Being unafraid of death does not always make it easy to say goodbye, of course. Fortunately, there was enough time after the stroke for the process to work its way through, and for moments to be shared. Heavy, meaningful things were said, but mostly it was just the joy of companionship. We looked at old photos and talked about old times, which became more difficult as he lost his ability to speak clearly. And he wanted to know what Marilyn and I were up to, no matter how unimportant our activities seemed to us.

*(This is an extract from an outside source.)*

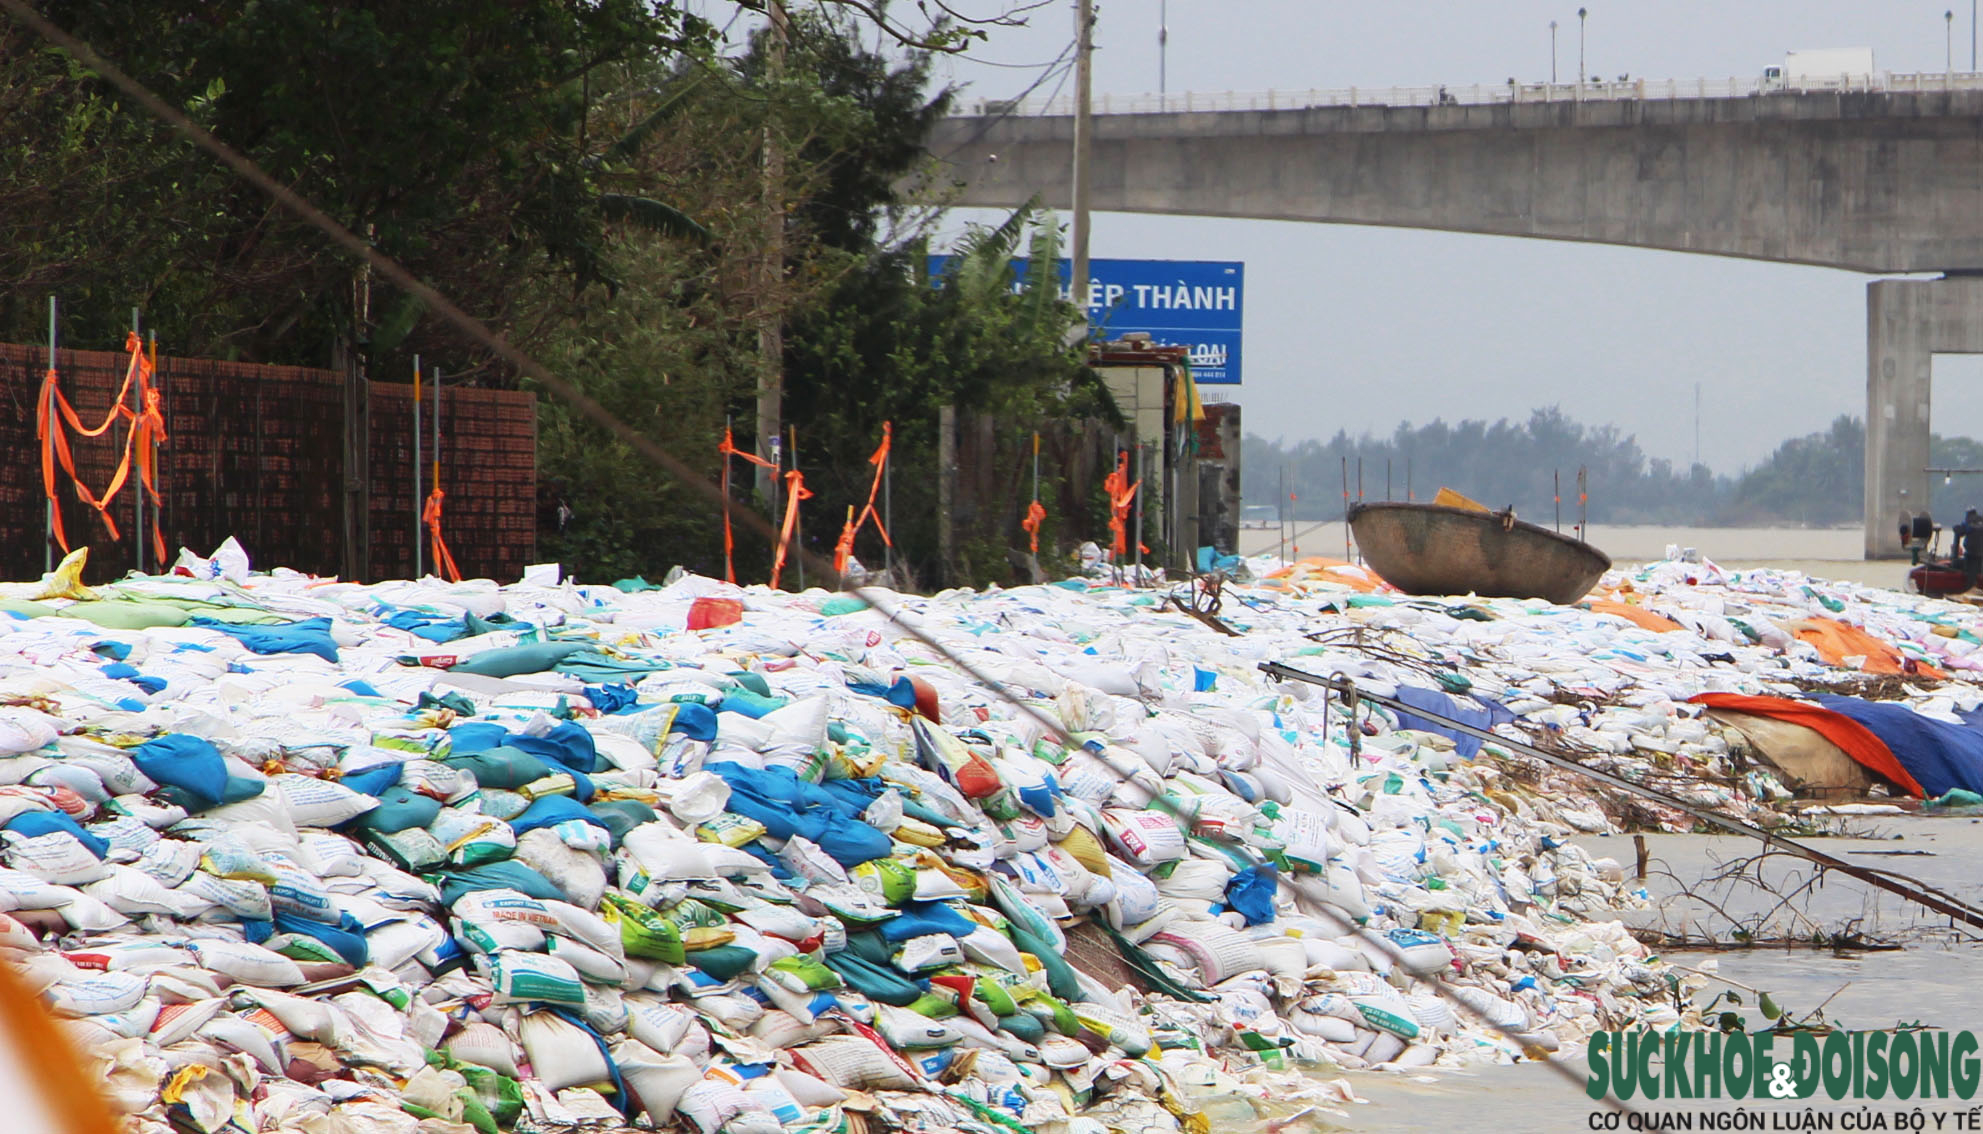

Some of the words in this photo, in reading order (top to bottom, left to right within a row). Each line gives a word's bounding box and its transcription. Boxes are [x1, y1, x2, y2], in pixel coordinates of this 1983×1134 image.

We were not present for the final days of his decline. His wife, Mary, said he had begun to see his twin. Rick's twin brother was stillborn and now, somehow, Rick saw him there in the living room. What he looked like, what he communicated to Rick, I do not know. How much of the transition to death is illusion, how much is reality, I also do not know, except to say that it is a mystery that befuddles the living.
* * *
Rick confided in his wife the most, of course. At one point he told her that he had wanted to be there for me when I died, and he was sorry that, instead, I had to be there for him.
I came to realize that, somewhere in the back of my mind, having CLL had created the expectation that I would die before everyone else in my family. Not just before those who are younger, which would be expected anyway, but also before Rick, who was 11 years my senior, and even before my father and stepmother, who are now in their 70s.
Not only was this my expectation; it was obviously Rick’s as well, and perhaps is shared by other people I am close to. It’s not something they talk about, just something they assume.
This assumption conflicts with another expectation that I have, which is that I will manage to muddle through thanks to new drugs like Revlimid, and perhaps have a reasonably normal lifespan after all.
Time, which I am aware is ever-short, even for the healthy, will tell.
And if Rick’s near death experiences are right, he’ll be there for me when I die, after all -- just not on this side of the curtain.